Start of Extracted records
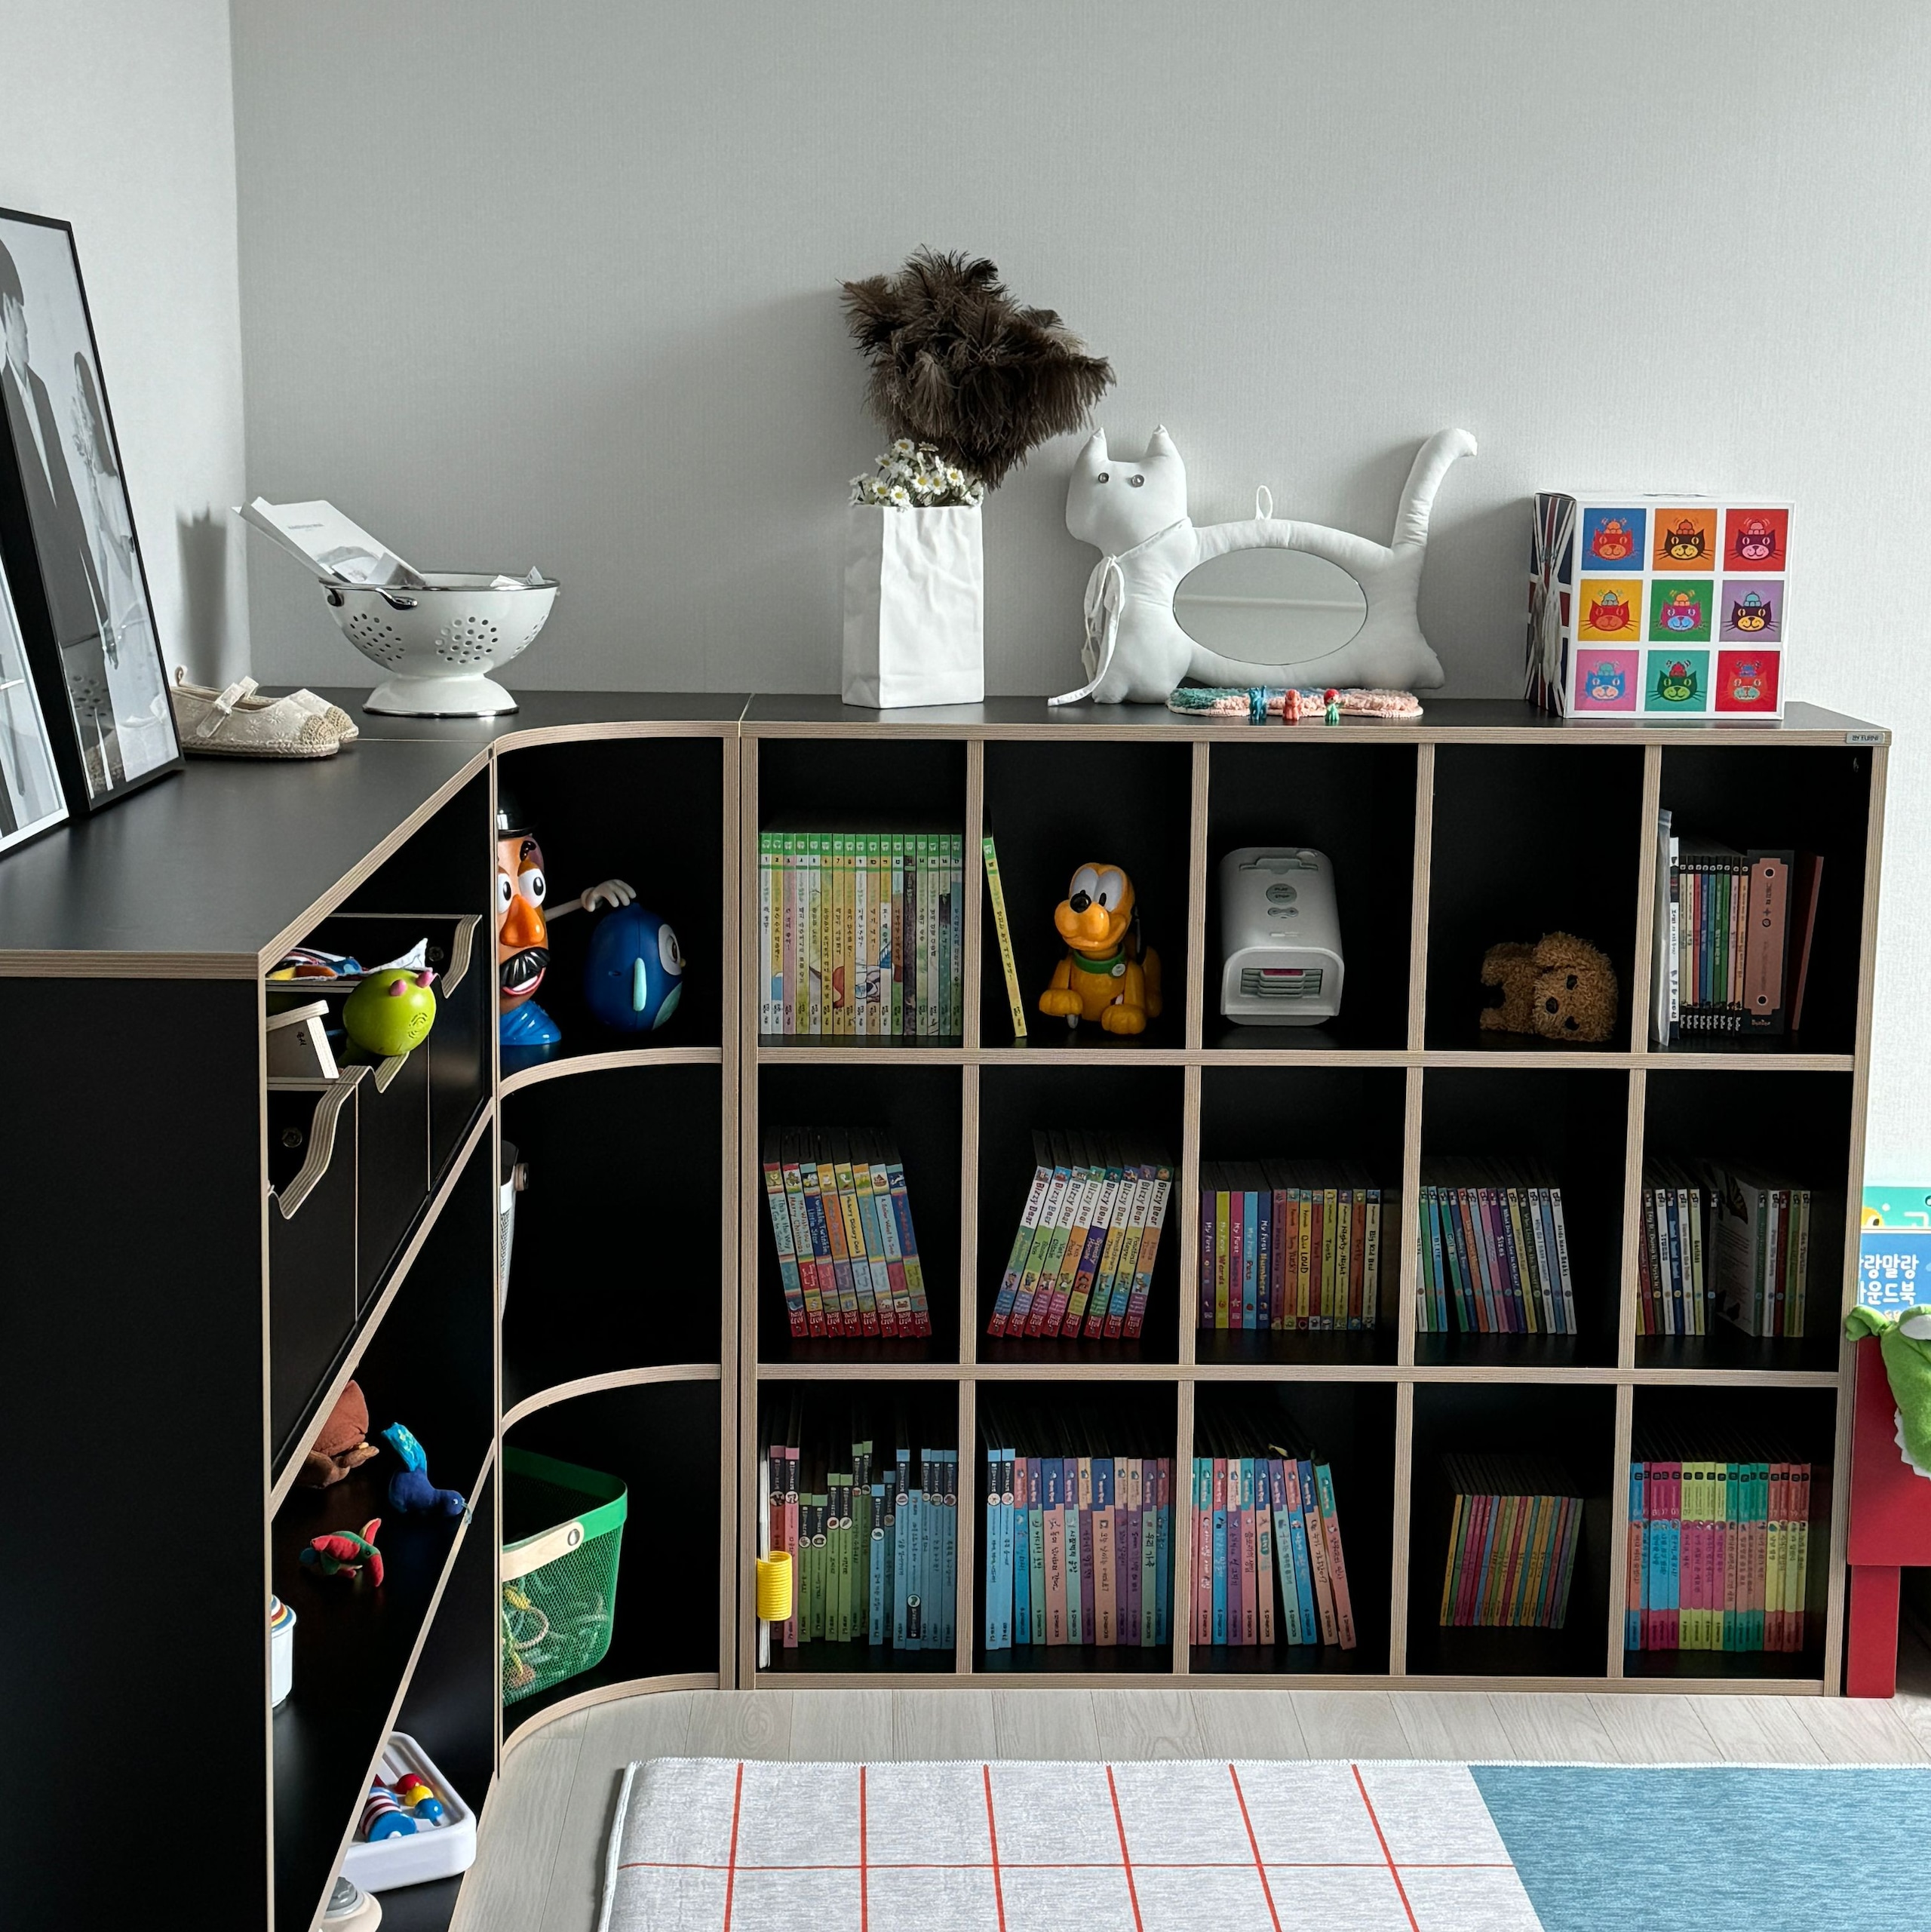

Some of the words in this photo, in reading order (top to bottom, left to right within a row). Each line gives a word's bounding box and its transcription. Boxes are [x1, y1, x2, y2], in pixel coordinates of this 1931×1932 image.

[1030, 1182, 1045, 1206] Bizzy
[1048, 1182, 1064, 1206] Bizzy
[1066, 1182, 1082, 1206] Bizzy
[1083, 1182, 1099, 1206] Bizzy
[1100, 1182, 1116, 1206] Bizzy
[1118, 1182, 1133, 1206] Bizzy
[1135, 1181, 1151, 1206] Bizzy
[1153, 1181, 1168, 1206] Bizzy
[1024, 1206, 1039, 1226] Bear
[1043, 1206, 1057, 1226] Bear
[1061, 1206, 1074, 1227] Bear
[1079, 1206, 1091, 1226] Bear
[1095, 1206, 1109, 1226] Bear
[1114, 1206, 1126, 1227] Bear
[1132, 1205, 1145, 1226] Bear
[1149, 1206, 1162, 1226] Bear
[1300, 1252, 1309, 1273] LOUD
[1859, 1254, 1920, 1279] 랑말랑
[1259, 1253, 1267, 1296] Numbers
[1145, 1533, 1154, 1547] 우리
[1145, 1551, 1155, 1568] 가족
End of Extracted records
Give an exact copy of the listing above that leaves out every picture.

## [Answer area]
Some of the words in this photo, in reading order (top to bottom, left to right within a row). Each line gives a word's bounding box and its transcription. Boxes are [x1, y1, x2, y2], in pixel coordinates of this 1931×1932 image.

[1030, 1182, 1045, 1206] Bizzy
[1048, 1182, 1064, 1206] Bizzy
[1066, 1182, 1082, 1206] Bizzy
[1083, 1182, 1099, 1206] Bizzy
[1100, 1182, 1116, 1206] Bizzy
[1118, 1182, 1133, 1206] Bizzy
[1135, 1181, 1151, 1206] Bizzy
[1153, 1181, 1168, 1206] Bizzy
[1024, 1206, 1039, 1226] Bear
[1043, 1206, 1057, 1226] Bear
[1061, 1206, 1074, 1227] Bear
[1079, 1206, 1091, 1226] Bear
[1095, 1206, 1109, 1226] Bear
[1114, 1206, 1126, 1227] Bear
[1132, 1205, 1145, 1226] Bear
[1149, 1206, 1162, 1226] Bear
[1300, 1252, 1309, 1273] LOUD
[1859, 1254, 1920, 1279] 랑말랑
[1259, 1253, 1267, 1296] Numbers
[1145, 1533, 1154, 1547] 우리
[1145, 1551, 1155, 1568] 가족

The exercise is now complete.